El funeral de la reina Isabel II estuvo lleno de momentos especiales. Pero quizá ninguno tan tierno y nostálgico como la presencia de sus dos pequeños bisnietos: George, de nueve años, y Charlotte, de siete. Los dos niños son hijos de William y Kate, los sucesores al trono del rey Carlos III y la familia más querida de la monarquía británica.
Llevar los niños al entierro era una decisión díficil. William, que creció acosado por las cámaras y en medio del escándalo de su madre, nunca ha querido que sus hijos vivan esa misma presión. Sin embargo, la presencia de George, como el segundo heredero al trono era un símbolo que no podía faltar para enviar un mensaje de continuidad de la monarquía. El más pequeño de la familia, el príncipe Louis, sí se quedó en casa.
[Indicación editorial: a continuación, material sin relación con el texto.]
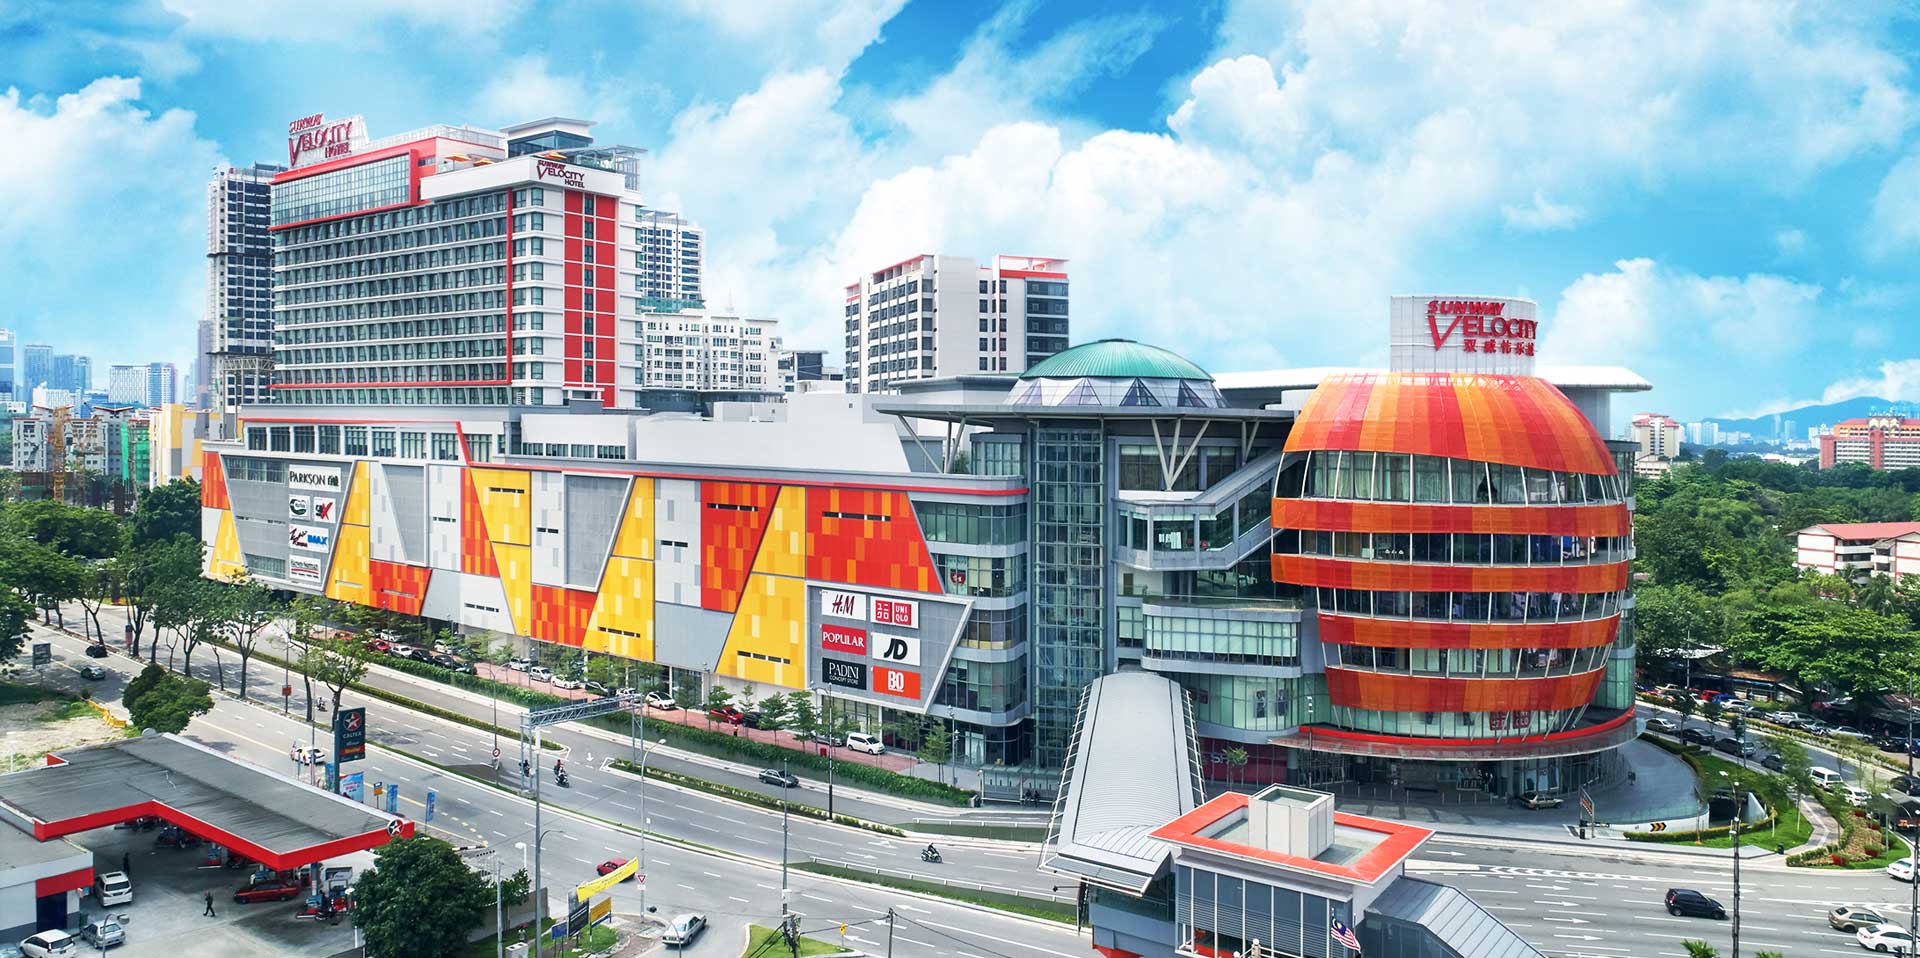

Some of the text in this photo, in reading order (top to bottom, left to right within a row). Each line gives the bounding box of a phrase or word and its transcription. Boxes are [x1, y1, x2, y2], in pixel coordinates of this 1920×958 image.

Los dos niños ya habían participado este año en la ceremonia de aniversario de la muerte de su bisabuelo, Felipe de Edimburgo. Llegaron a la abadía de Westminster en coche con su madre y con la reina consorte, Camilla, y se sumaron en una procesión solemne en el último tramo dentro del Westminster Hall, acompañando a su papá, quien venía a pie.
El mundo comenzó a pensar en lo inevitable cuando llegó el primer comunicado del palacio de Buckingham. “Después de una evaluación adicional esta mañana, los médicos de la reina están preocupados por la salud de su majestad y han recomendado que permanezca bajo supervisión médica”, decía el texto oficial.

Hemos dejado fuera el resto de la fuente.